‘Metamorfosi’, il Matisse scultore
La rassegna zurighese allinea oltre settanta opere, insieme a interessanti suoi spunti visivi
È nota l’importanza di Henri Matisse nell’ambito della pittura moderna per via del colore fauve di cui egli fu l’autorevole capofila. Assai meno noto è invece il contributo che egli diede alla scultura: un vero e proprio mondo alternativo ma che gli serviva – così scriveva – per “riposare la mente dalla pittura” e affrontare il problema del moderno da un’altra prospettiva che non fosse quella della bidimensionalità della tela ma nella tridimensionalità dello spazio. Creò un’ottantina di sculture in tutto, metà delle quali realizzate il 1900 e il 1910, e cioè negli anni più cruciali della sua ricerca artistica; poi andò progressivamente calando man mano ci si accostava agli anni trenta. Picasso, suo antagonista nella Parigi di inizio secolo, ne produsse quasi dieci volte tante. La rassegna zurighese, molto ben allestita, allinea oltre settanta sue opere tra sculture, dipinti e disegni, il tutto affiancato da materiale documentaristico inedito come fotografie, appunti, filmati d’epoca.

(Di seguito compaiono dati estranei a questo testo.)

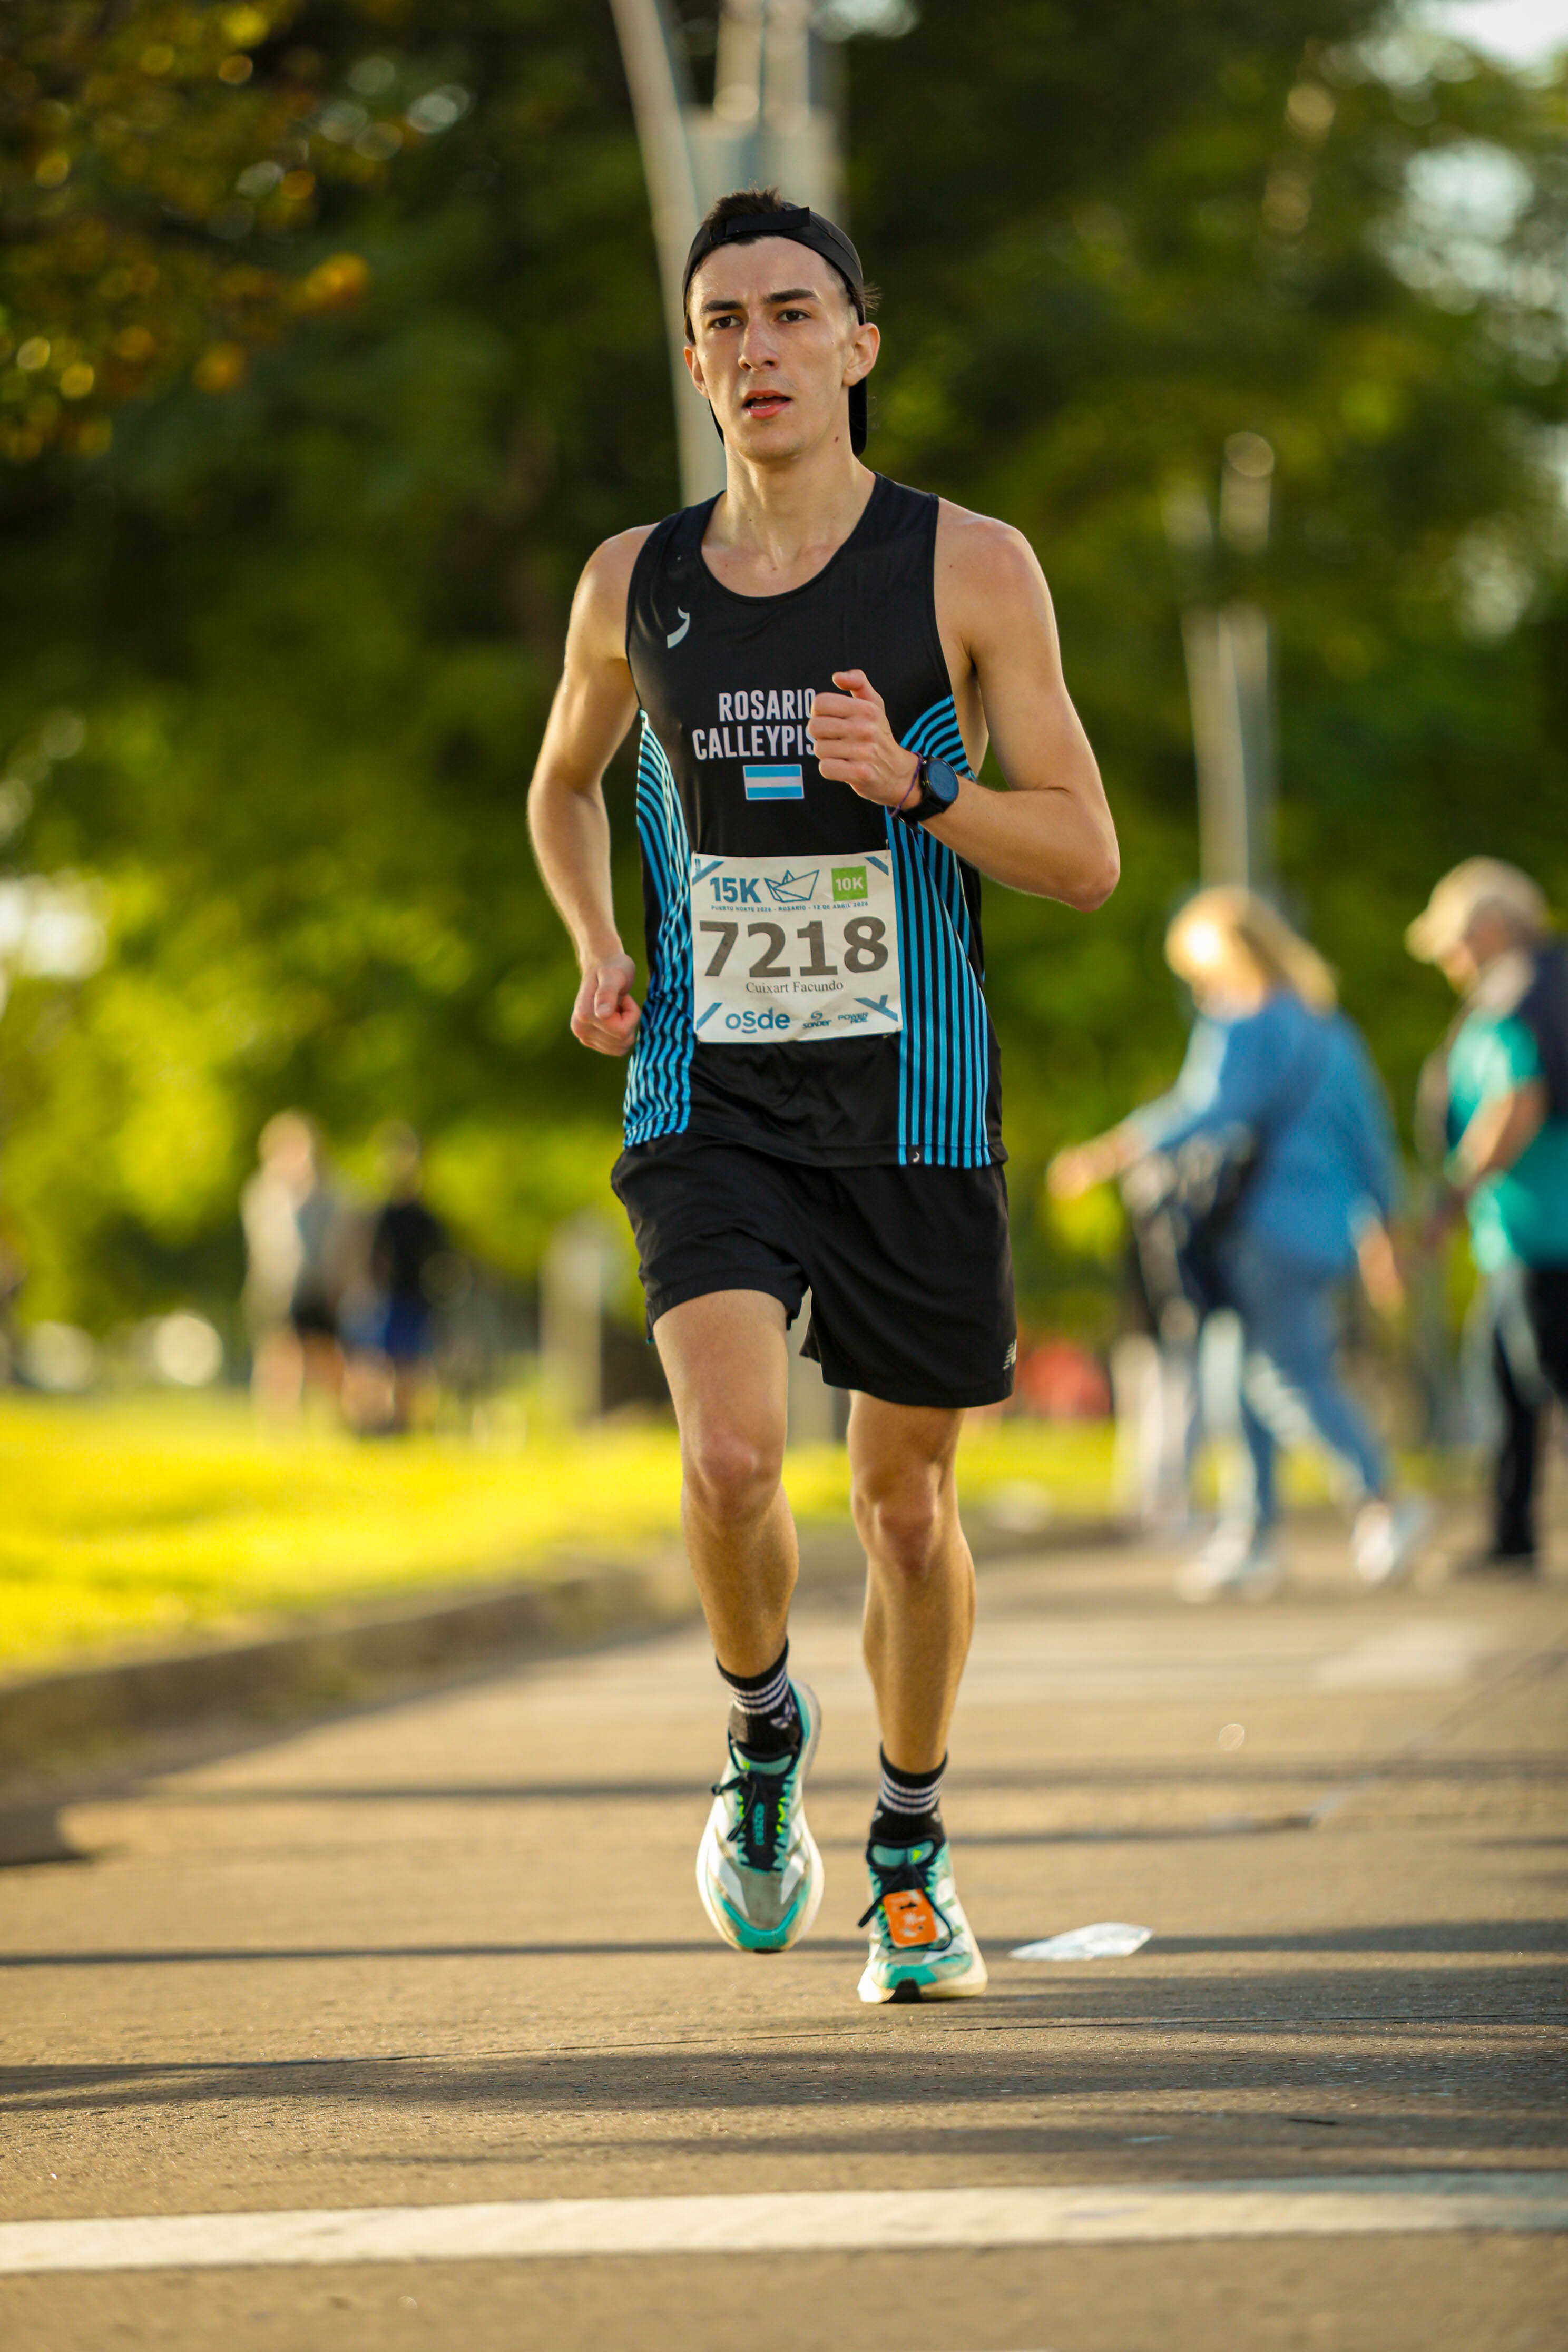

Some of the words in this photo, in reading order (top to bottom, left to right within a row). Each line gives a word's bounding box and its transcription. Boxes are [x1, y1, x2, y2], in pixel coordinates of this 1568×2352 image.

Questo perché essa intende dare debito risalto non solo al dialogo che si instaura tra pittura e scultura nella produzione di Matisse, ma anche alle occasioni più strane dalle quali è partito per creare le sue opere, come le fotografie di nudi femminili – soggetto fondamentale in tutta la sua produzione – che trovava su riviste o al mercatino delle pulci: da qui il titolo ‘Metamorfosi’. Ma soprattutto evidenzia il particolare modo di lavorare di Matisse che, nel suo caso, non è solo un procedimento ma diventa un tratto distintivo dell’arte moderna, un nuovo modo di concepire il prodotto artistico. Vale a dire che l’opera d’arte non è tanto un singolo bellissimo oggetto quanto un processo che cresce nel tempo, matura nel passaggio da un’opera all’altra e da un artista all’altro, con coerenza e continuità, inseguendo obiettivi che non sono quelli astratti della verosimiglianza o della bellezza, ma quelli maturati dalla storia dell’arte e giunti fino a noi.
Arte come flusso
È la rivendicazione dell’autonomia dell’arte che trova al proprio interno le sue leggi e che si tratta poi di portare conseguentemente avanti. Egli concepisce quindi l’arte come un flusso che si modifica e cresce al proprio interno, per questo copriva le pareti di casa e faceva perfino esposizioni in cui esponeva tutta la sequenza di disegni e variazioni che accompagnavano un soggetto o un dipinto, in qualche caso documentandone le tappe mediante fotografie. È il processo quello che per lui conta, cioè la “metamorfosi” delle forme che trapassando da una scultura all’altra e spostandosi nel tempo, danno vita a soluzioni, spingono avanti il discorso: così che al tradizionale concetto di unicità dell’opera d’arte egli sostituisce quello di proliferazione e divaricazione in corso d’opera. È l’insieme che tiene il tutto! Per queste ragioni l’esposizione zurighese apre con una serie di sculture di Rodin, Maillol e Bourdelle, che Matisse inizialmente emulò (soprattutto Rodin suo principale punto di riferimento) salvo poi emanciparsene: muovendo da un approccio iniziale ancora larvatamente naturalistico e di ascendenza classica per spingersi poi verso forme che divengono sempre più antinaturalistiche e libere, più grandi e voluminose, rudemente sbozzate e quasi astratte. Ed è per le stesse ragioni che forte risalto hanno in mostra le famose serie, come la sequenza dei quattro Torsi (1903-31) o le cinque teste di Jeannette (1910-16) le prime tre delle quali realizzate davanti alla modella, le ultime due nate invece come evoluzione interna alla scultura.
Dalla natura all’antinatura
Sono lontanissime dal concetto di bellezza che non interessava a Matisse, e neppure a Picasso che batteva strade diversissime ma anche affini, e ne fu molto colpito. I due si guardavano a debita distanza, ma si stimavano. Lui, più giovane di dodici anni, era già famoso per aver inventato il cubismo e lavorava sul concetto di spazio; Matisse su quello di forma e di colore. Lui era arrivato a scomporre la scultura in forme aperte e spigolose, costituite da materiali nuovi: legni, cartoni, lamiere; l’altro continuava a modellare figure in argilla come ignorasse le innovazioni linguistiche di cubisti, futuristi, astrattisti.
Ma fu solo dopo aver visto le sculture di “Jeannette” in una mostra del 1930 che Picasso si imbarcò in una serie di ritratti di Marie-Thérèse Walter con volumi rotondeggianti e palesemente sessualizzati.